Type asserts help a bit but not that much

308 views
Skip to first unread message

Mauro

unread,
Jan 12, 2015, 5:25:58 AM1/12/15
to juli...@googlegroups.com
As many did before (e.g. see recent posts on julia-users), I was looking
into the performance of higher order functions. There is NumericFuns
and FastAnonymous which help with that. Anyway, the least magical and
most straight forward approach to this would be if type asserts could
solve this:

function higherorder(f::Function, T::Type, x)
out = f(x)::T
end

But asserts don't help much as my investigation suggests
https://gist.github.com/mauro3/ebc4d0b0ed53943775dd

Summarising that investigation:

1.When getting things out of a vec=Vector{Any}, then using ... =
vec::Float64 instead of just ... = vec brings down the memory
allocations to what using a Vector{Float64} allocates (80 bytes in the
test case). However, speed is still about 5x slower. (same goes for
Dict{_,Any})

2.Doing the same for Functions (or ObjectIdDicts), similar to above
example, brings down allocation by 50% but speed at most improves by a
factor of 2x. Using the function straight results in 4x faster speed
and no allocations (80 bytes).

Questions:

- Why do the type assertions not help? I would have thought that this
would give the compiler all the info it needs to make fast code?

- Why is there a difference between point 1 & 2 above (i.e. getting
values out of a Vector{Any} vs a Function)

- Would that be something to implement? Just adding a type-annotation
would be a lot simpler (to use and explain) than using a whole package
to get fast higher order functions.

Tim Holy

unread,
Jan 12, 2015, 6:13:04 AM1/12/15
to juli...@googlegroups.com
If I understand correctly, type-asserts are well-named: they run the "bare"
code (which includes boxing the result) and then assert that the type matches
what you say it is. Their main advantage of using a type-assert is that later
code benefits from knowing the type, so type instability does not "cascade"
throughout the function.

The alternative, prospectively assigning the type, basically requires an
implementation functions with declared output types (issue #1090), but with an
additional twist: you want to be able to declare that `getindex(A, i)`, even
when `A` is an `Vector{Any}`, has return value Float64 *for that particular
`i`* (and maybe not for any other `i`). At the level of machine code, this is
quite a different function from either `getindex(::Vector{Float64}, ::Int)`
(which takes advantage of the packing in memory of Float64) or
`getindex(::Vector{Any}, ::Int)` (which uses one pointer per element, and
dereferences it to find it). So it would be an entirely new beast in julia.

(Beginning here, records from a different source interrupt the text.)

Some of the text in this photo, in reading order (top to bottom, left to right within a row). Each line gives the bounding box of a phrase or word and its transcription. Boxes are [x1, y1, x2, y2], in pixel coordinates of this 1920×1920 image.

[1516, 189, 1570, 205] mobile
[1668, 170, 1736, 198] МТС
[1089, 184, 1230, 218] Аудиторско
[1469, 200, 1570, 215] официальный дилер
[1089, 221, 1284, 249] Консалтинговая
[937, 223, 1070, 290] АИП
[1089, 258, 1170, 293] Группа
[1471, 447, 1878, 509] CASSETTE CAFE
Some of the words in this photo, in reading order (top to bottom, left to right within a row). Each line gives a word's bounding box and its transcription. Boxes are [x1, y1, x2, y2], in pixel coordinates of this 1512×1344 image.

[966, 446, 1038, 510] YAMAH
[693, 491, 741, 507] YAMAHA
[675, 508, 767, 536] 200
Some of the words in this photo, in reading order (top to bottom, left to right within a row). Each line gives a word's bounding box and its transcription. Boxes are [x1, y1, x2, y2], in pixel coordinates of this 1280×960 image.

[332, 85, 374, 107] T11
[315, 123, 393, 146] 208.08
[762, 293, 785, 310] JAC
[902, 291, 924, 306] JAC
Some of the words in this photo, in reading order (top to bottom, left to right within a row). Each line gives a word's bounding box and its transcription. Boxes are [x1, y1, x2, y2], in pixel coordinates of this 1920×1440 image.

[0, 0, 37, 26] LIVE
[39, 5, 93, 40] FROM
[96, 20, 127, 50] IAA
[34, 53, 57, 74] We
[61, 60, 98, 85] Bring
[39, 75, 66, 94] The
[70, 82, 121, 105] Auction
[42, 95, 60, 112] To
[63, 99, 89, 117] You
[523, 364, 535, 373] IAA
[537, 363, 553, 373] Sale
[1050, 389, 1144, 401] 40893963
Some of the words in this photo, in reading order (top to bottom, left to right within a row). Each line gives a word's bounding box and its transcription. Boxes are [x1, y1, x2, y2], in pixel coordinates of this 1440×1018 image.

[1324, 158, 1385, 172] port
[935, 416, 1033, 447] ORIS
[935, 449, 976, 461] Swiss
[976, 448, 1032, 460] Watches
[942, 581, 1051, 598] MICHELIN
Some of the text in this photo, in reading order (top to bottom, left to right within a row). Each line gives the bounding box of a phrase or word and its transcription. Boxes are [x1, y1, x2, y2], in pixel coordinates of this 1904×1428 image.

Even if this gets implemented, there's still a lot of use for the current
type-assert failure; for example, if you're _wrong_ about the type of `x =
@unboxed Float64 getindex(A, i)`, that would be a bit like using @inbounds
with an index that is not, in fact, in-bounds. (I just made up that macro
syntax now, I have no idea what kind of syntax would be best for the kind of
output-type declaration you're interested in here.)

--Tim

Tim Holy

unread,
Jan 12, 2015, 6:45:21 AM1/12/15
to juli...@googlegroups.com
Correction due to me reading your post a little more carefully: the reduction
in memory allocation proves that under some circumstances, there is no boxing.
So the slower speed comes from the fact that a `Vector{Any}` is actually a
vector of pointers, and you have to dereference each one to retrieve the
value. That destroys all kinds of optimizations (SIMD, possibly good cache
behavior, etc.).

I'm guessing the unboxing happens only when the function can be inlined.
Functions passed as arguments cannot currently be inlined.

--Tim

On Monday, January 12, 2015 11:22:22 AM Mauro wrote:

Mauro

unread,
Jan 12, 2015, 8:38:05 AM1/12/15
to juli...@googlegroups.com
Hi Tim,

thanks for the clarification. My misconception was that type assertion
could come for free. Somehow that seems to be the case for the
Vector{Any} example but not for the Function example.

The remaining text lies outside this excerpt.